◆ **DATA RECORDS**:
══════════
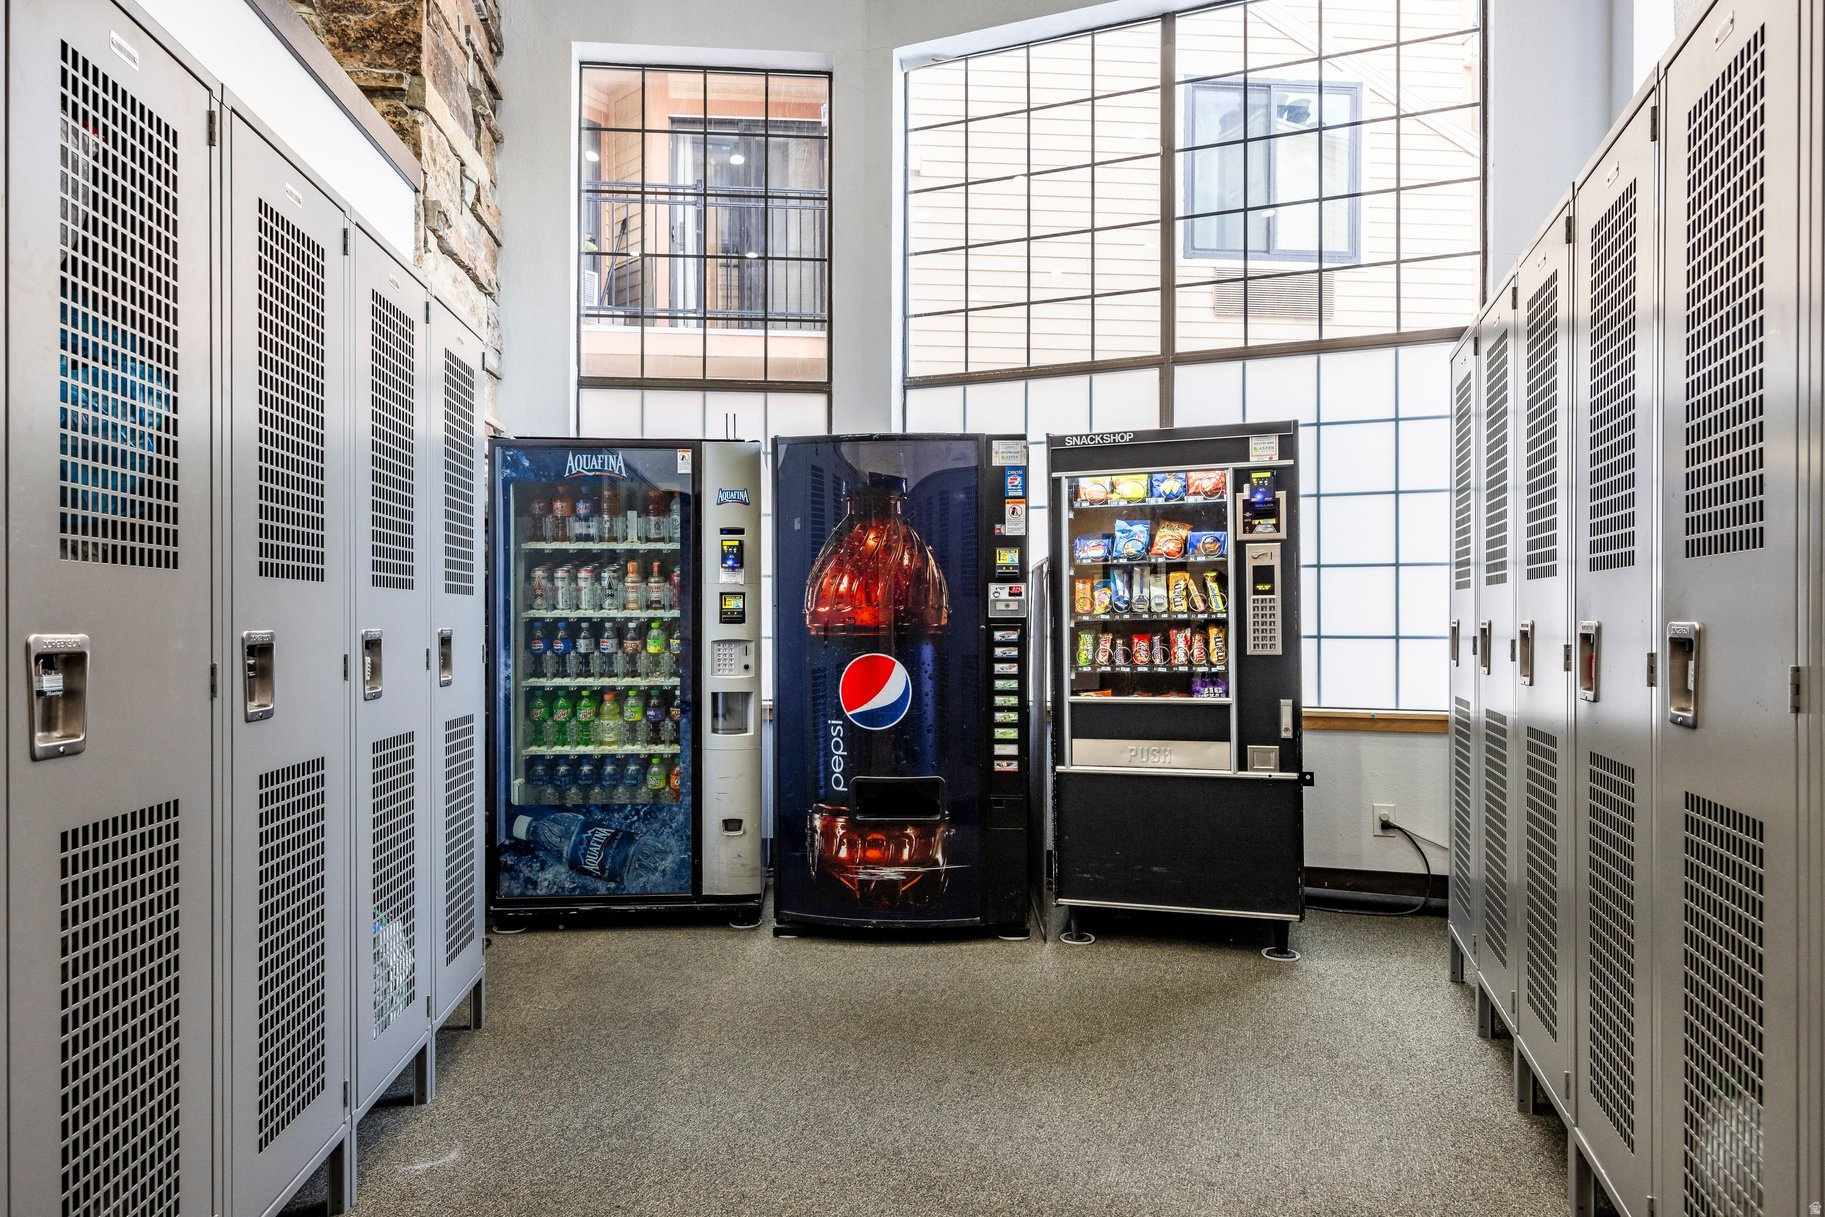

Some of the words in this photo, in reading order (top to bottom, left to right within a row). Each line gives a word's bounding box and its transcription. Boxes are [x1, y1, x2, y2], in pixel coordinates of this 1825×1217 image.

[1065, 432, 1134, 446] SNACKSHOP
[564, 450, 628, 477] AQUAFINA
[717, 488, 749, 504] AQUAFINA
[828, 719, 848, 791] pepsi
[1127, 745, 1172, 764] PUSH
[582, 826, 615, 876] AQUAFINA
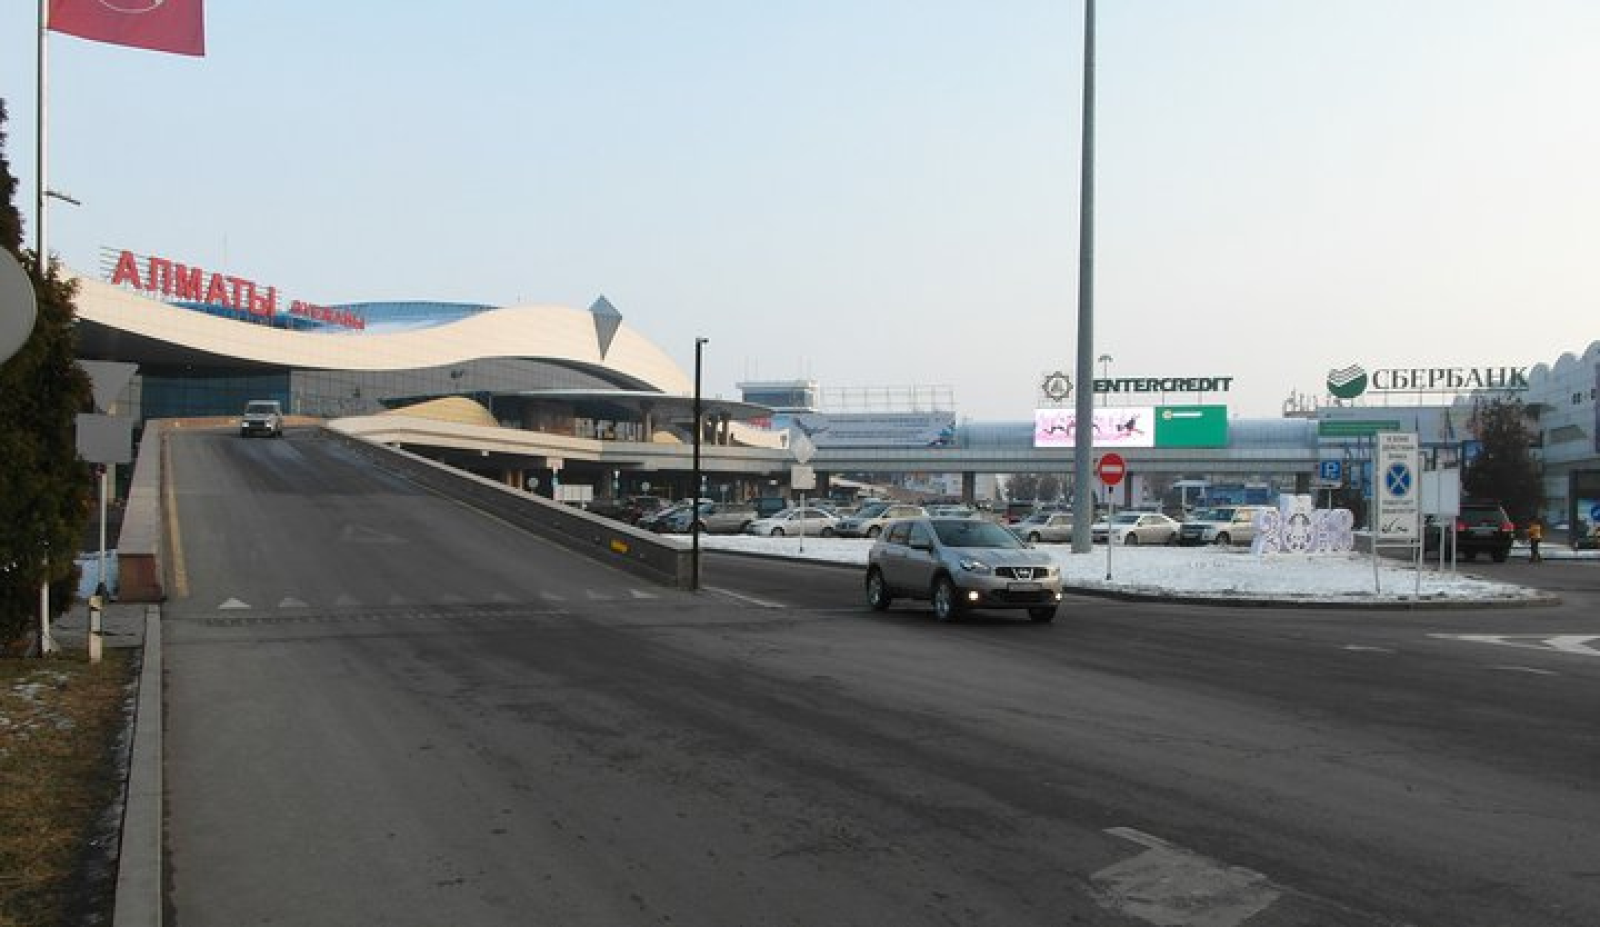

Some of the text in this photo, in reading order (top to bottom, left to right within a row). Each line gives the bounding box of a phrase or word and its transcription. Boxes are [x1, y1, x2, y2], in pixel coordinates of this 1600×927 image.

[111, 250, 276, 317] АЛМАТЫ
[1093, 377, 1234, 392] ENTERCREDIT
[1372, 366, 1529, 390] СБЕРБАНК
══════════
Pictures stay out of the copy; print the material above exactly.

Some of the words in this photo, in reading order (top to bottom, left to right within a row). Each line gives a word's bounding box and its transcription. Boxes are [x1, y1, x2, y2], in pixel coordinates of this 1825×1217 image.

[1065, 432, 1134, 446] SNACKSHOP
[564, 450, 628, 477] AQUAFINA
[717, 488, 749, 504] AQUAFINA
[828, 719, 848, 791] pepsi
[1127, 745, 1172, 764] PUSH
[582, 826, 615, 876] AQUAFINA

Some of the text in this photo, in reading order (top to bottom, left to right within a row). Each line gives the bounding box of a phrase or word and its transcription. Boxes are [x1, y1, x2, y2], in pixel coordinates of this 1600×927 image.

[111, 250, 276, 317] АЛМАТЫ
[1093, 377, 1234, 392] ENTERCREDIT
[1372, 366, 1529, 390] СБЕРБАНК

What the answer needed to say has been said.